It’s October 1897, and you play as private detective Declan Ward, who has been sent to the aforementioned mansion – now a grand hotel – to discover the whereabouts of one of its guests, Evelyn Deane, who has mysteriously disappeared. What she discovers is a gothic mansion filled with eccentrics: from a psychic researcher wielding a spiritual camera to a voodoo performer and a Brazilian woman tracing her family roots. They are here for the grand séance to be held on All Hallow’s Eve, when the illusory barrier between the worlds of the living and the dead is at its weakest. But as you discover as you wander through the ornate rooms and meticulously planned gardens in first-person perspective, each participant has a secret—some deadly, some tragic—and many know more about the young Miss Dean than they let on.

Absolutely gripping…a séance at Blake Manor. Image: The Spooky Entrance / Raw Fury

What follows is, in some ways, a typical detective adventure, told in the visual style of a graphic novel, art heavily inspired by the works of Mike Mignola (Hellboy) and Edoardo Risso (100 Bullets). She talks to suspects and witnesses, explores rooms looking for hidden clues and useful items, and slowly compiles a list of the culprits. At the same time, the game has an internal clock and timeline of events that your investigations must fit into. The clock only advances if you’re actively searching for a location or interrogating a guest, so you must make efficient use of your detective skills, always needing to make sure you’re in the right place at the right time to eavesdrop on secret meetings, or to attend enlightening conversations about spirituality, mythology, and the history of the palace taking place in the grand drawing room.

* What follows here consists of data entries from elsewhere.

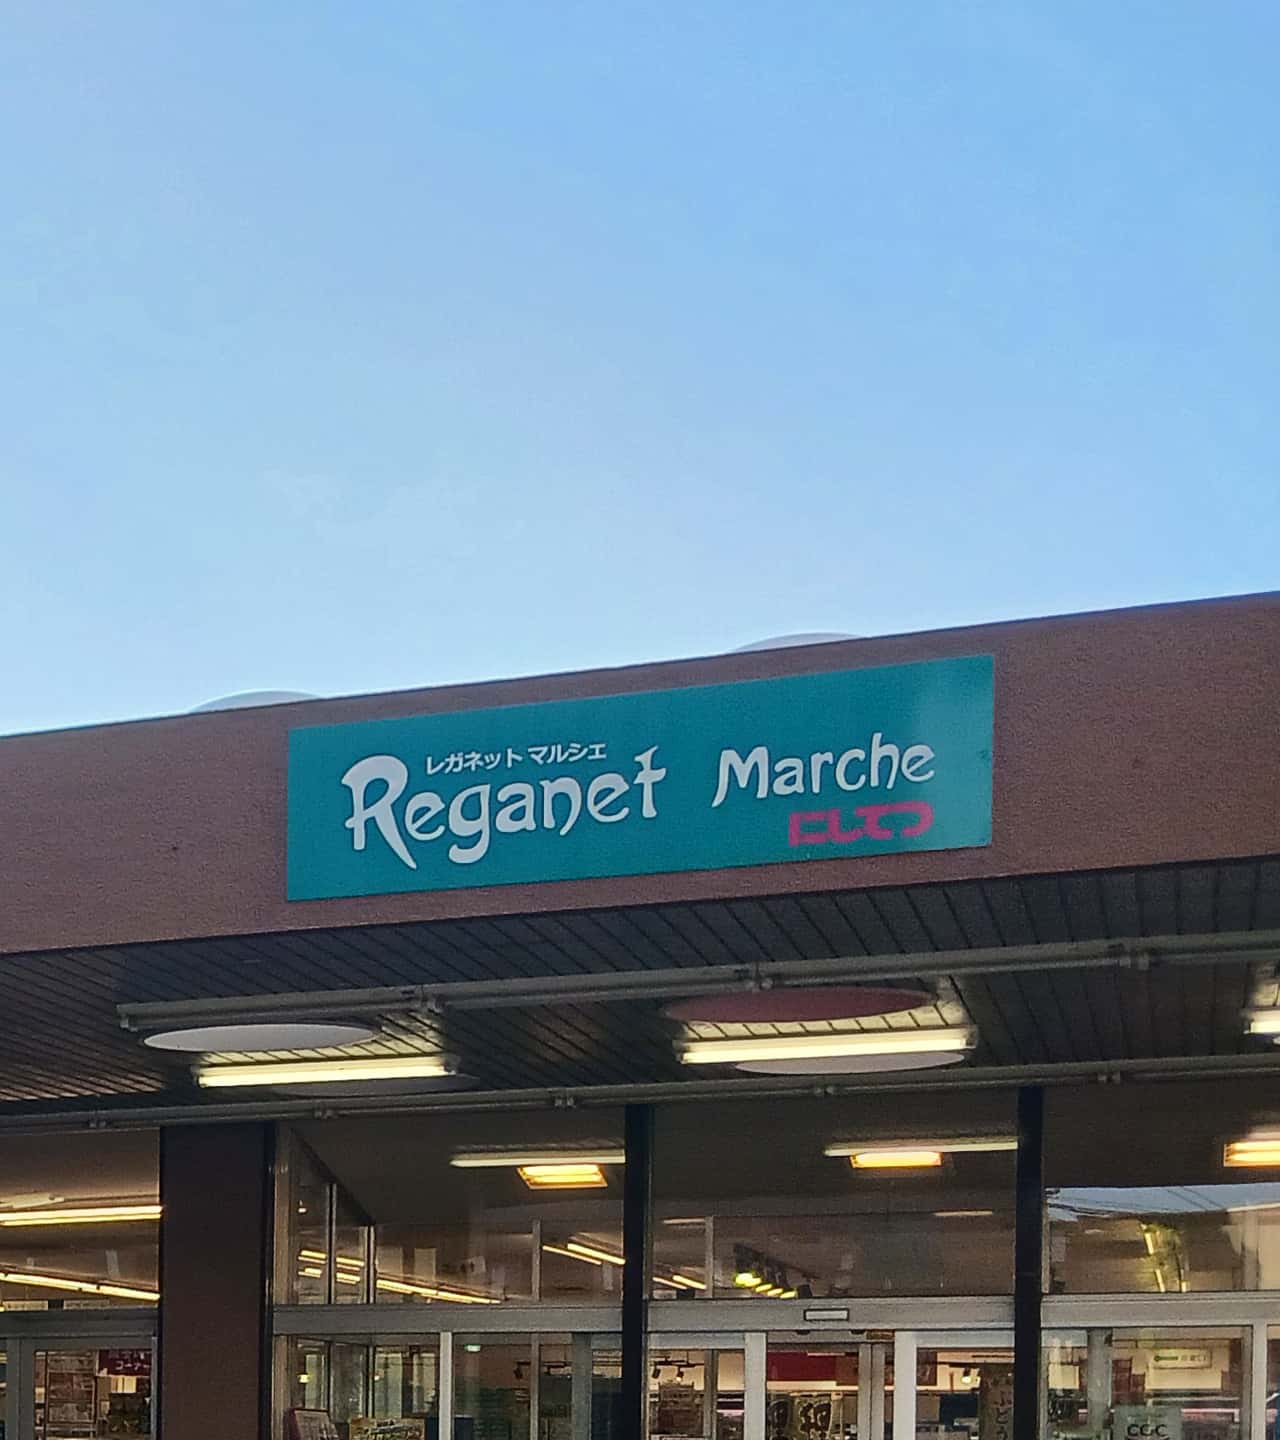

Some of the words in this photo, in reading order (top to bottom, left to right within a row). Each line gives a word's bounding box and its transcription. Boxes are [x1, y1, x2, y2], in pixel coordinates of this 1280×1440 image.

[425, 747, 523, 776] レガネット
[527, 742, 608, 766] マルシェ
[341, 745, 667, 870] Reganet
[711, 732, 936, 808] Marche
[788, 800, 935, 848] にしてつ
[1126, 1423, 1169, 1438] CGC
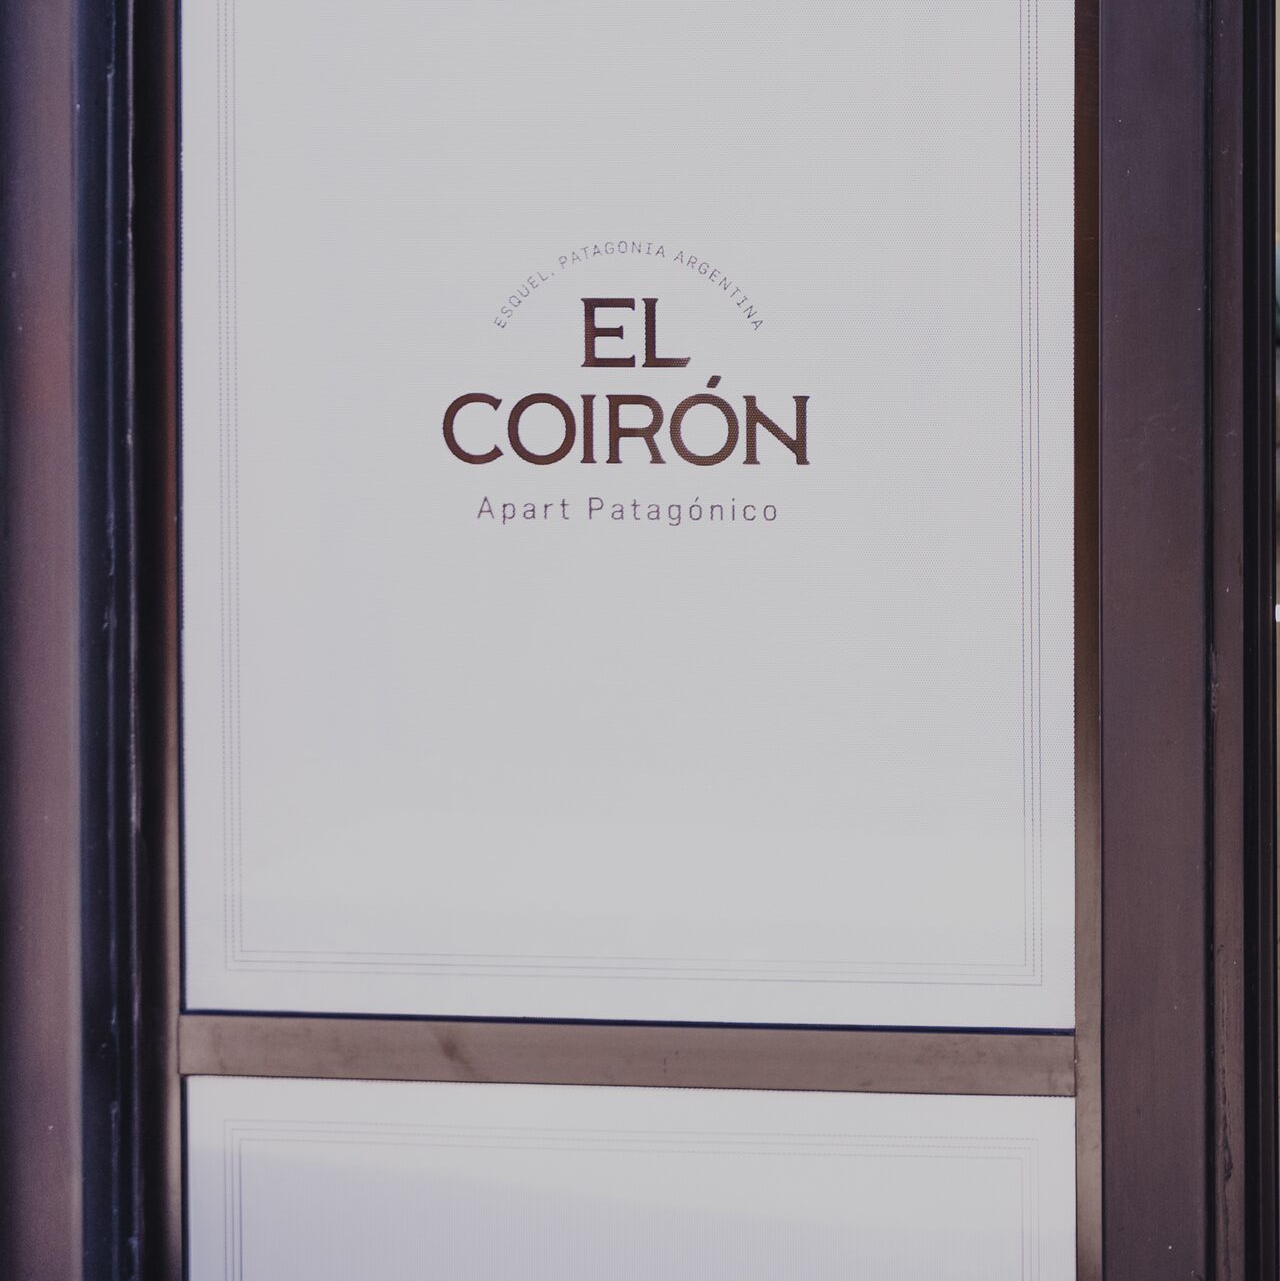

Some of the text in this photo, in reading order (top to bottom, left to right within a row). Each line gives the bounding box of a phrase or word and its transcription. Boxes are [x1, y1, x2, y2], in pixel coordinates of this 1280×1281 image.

[558, 240, 665, 270] PATAGONIA
[673, 250, 764, 331] ARGENTINA
[580, 297, 691, 368] EL
[442, 374, 811, 466] COIRÓN
[477, 496, 778, 527] Apart Patagónico
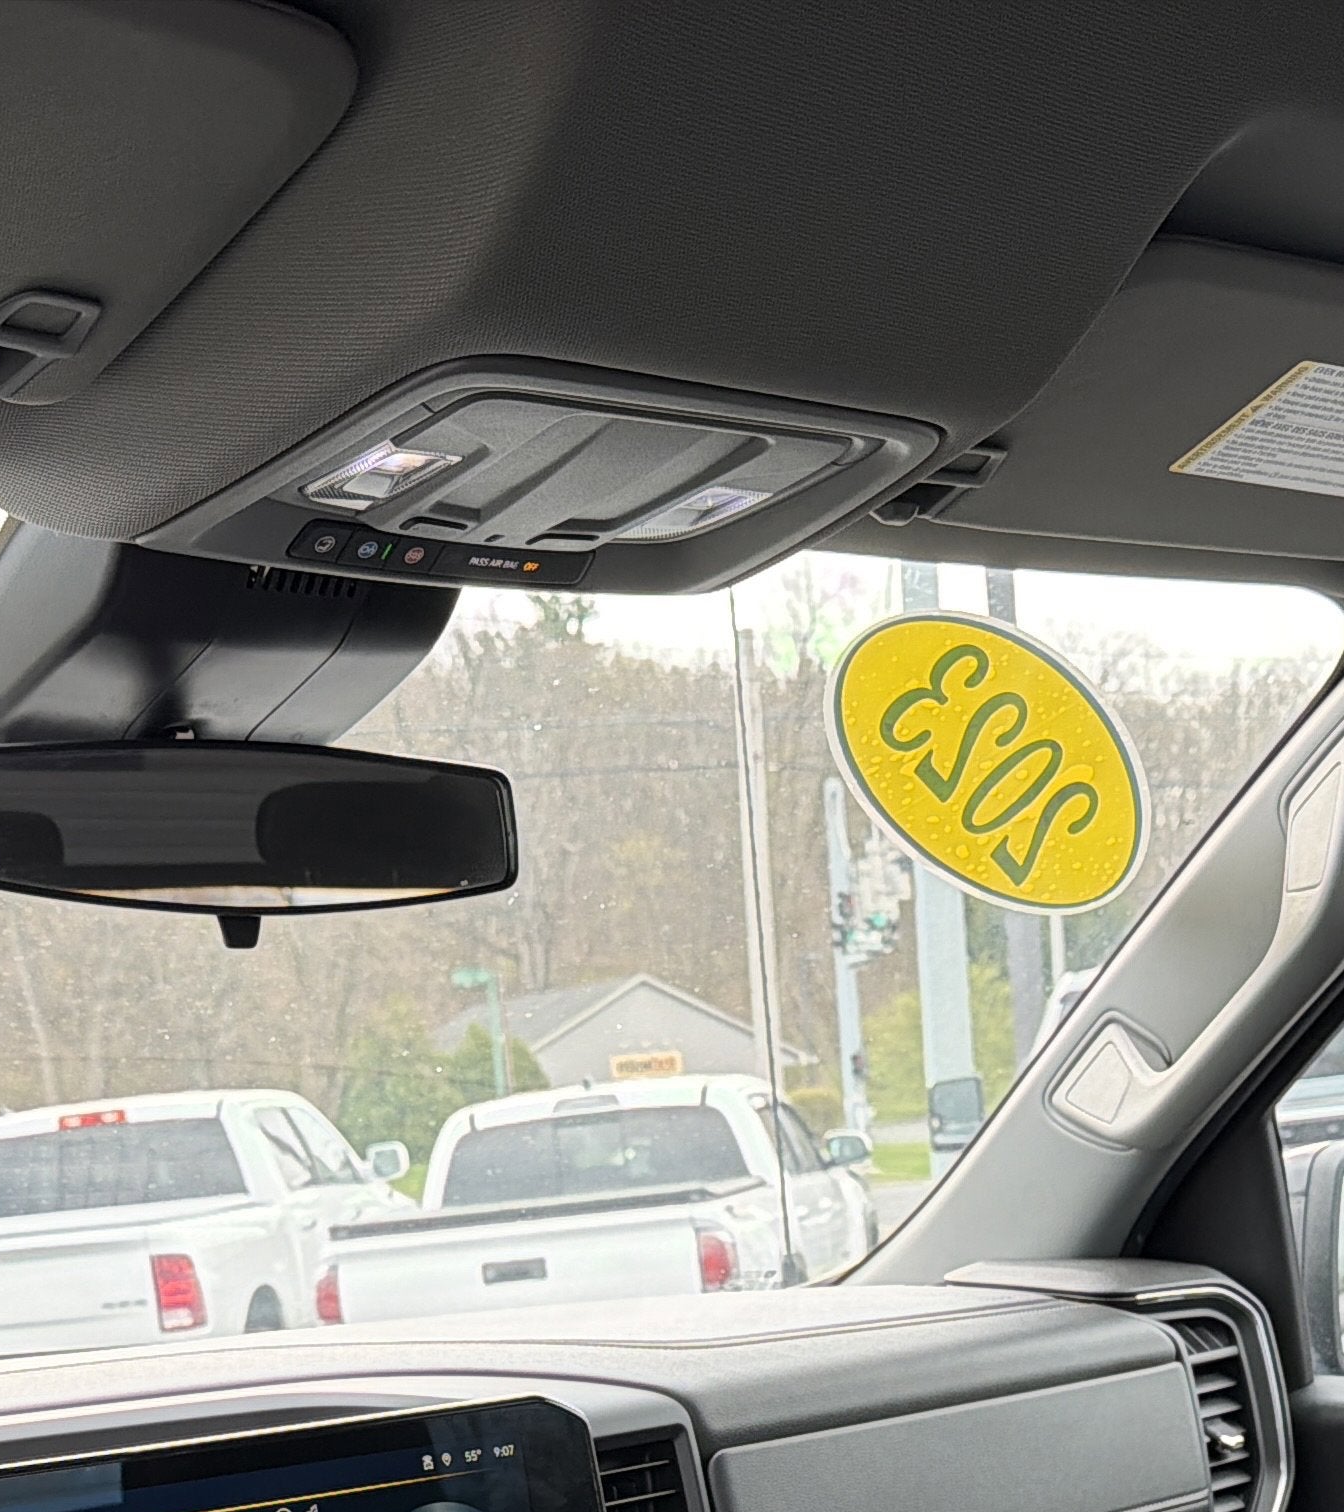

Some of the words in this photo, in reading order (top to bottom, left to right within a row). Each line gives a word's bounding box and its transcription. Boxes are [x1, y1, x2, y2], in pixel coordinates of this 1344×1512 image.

[468, 557, 488, 567] PASS
[488, 558, 502, 568] AIR
[522, 562, 540, 571] OFF
[493, 1444, 515, 1458] 9:07
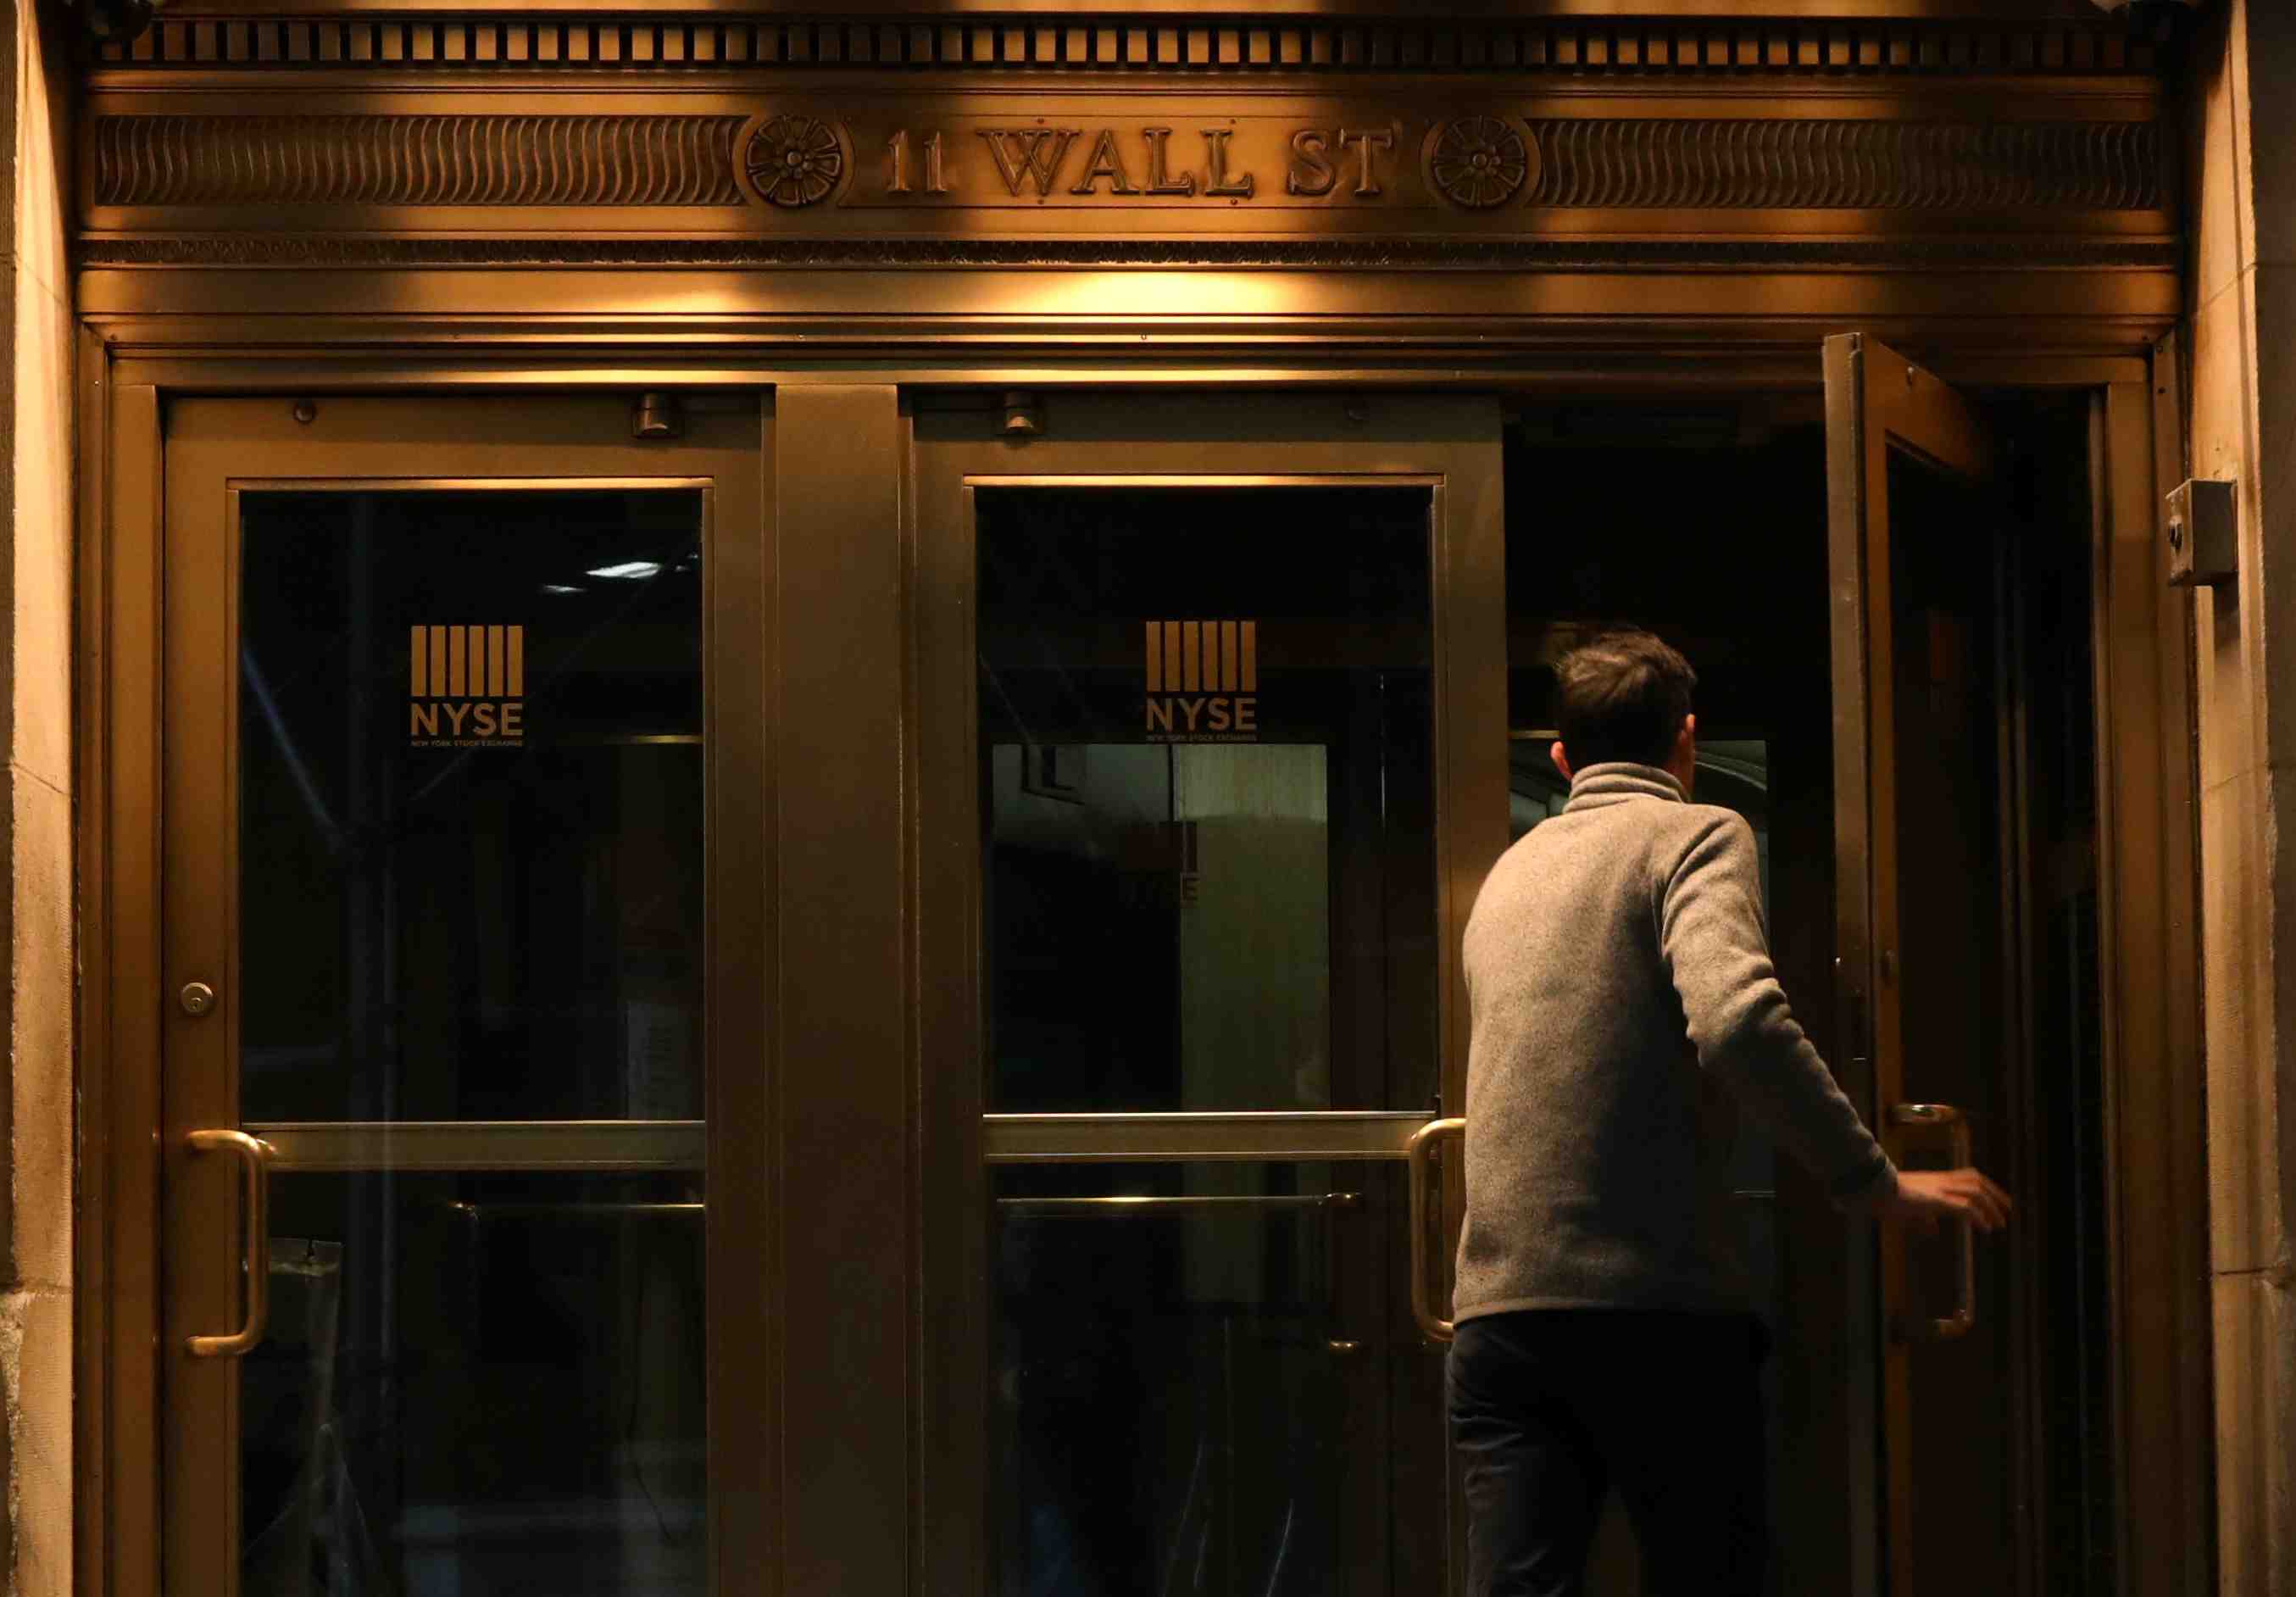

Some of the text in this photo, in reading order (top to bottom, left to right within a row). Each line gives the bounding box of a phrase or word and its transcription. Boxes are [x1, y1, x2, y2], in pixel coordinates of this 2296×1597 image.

All of your findings can be examined and linked via a series of graphical inventory screens, which include an evolving mind map of clues and actions. It can be overwhelming at first, as all these systems suddenly come to life with every letter, key and clue you discover, but you gradually get the hang of things and realize that taking your own notes is a must. Although it’s not as structurally innovative as Blue Prince, the game has interesting ways to nudge you in certain directions, including a pun deduction system that has you generate hypotheses for motives and backstories through which you can confront suspects.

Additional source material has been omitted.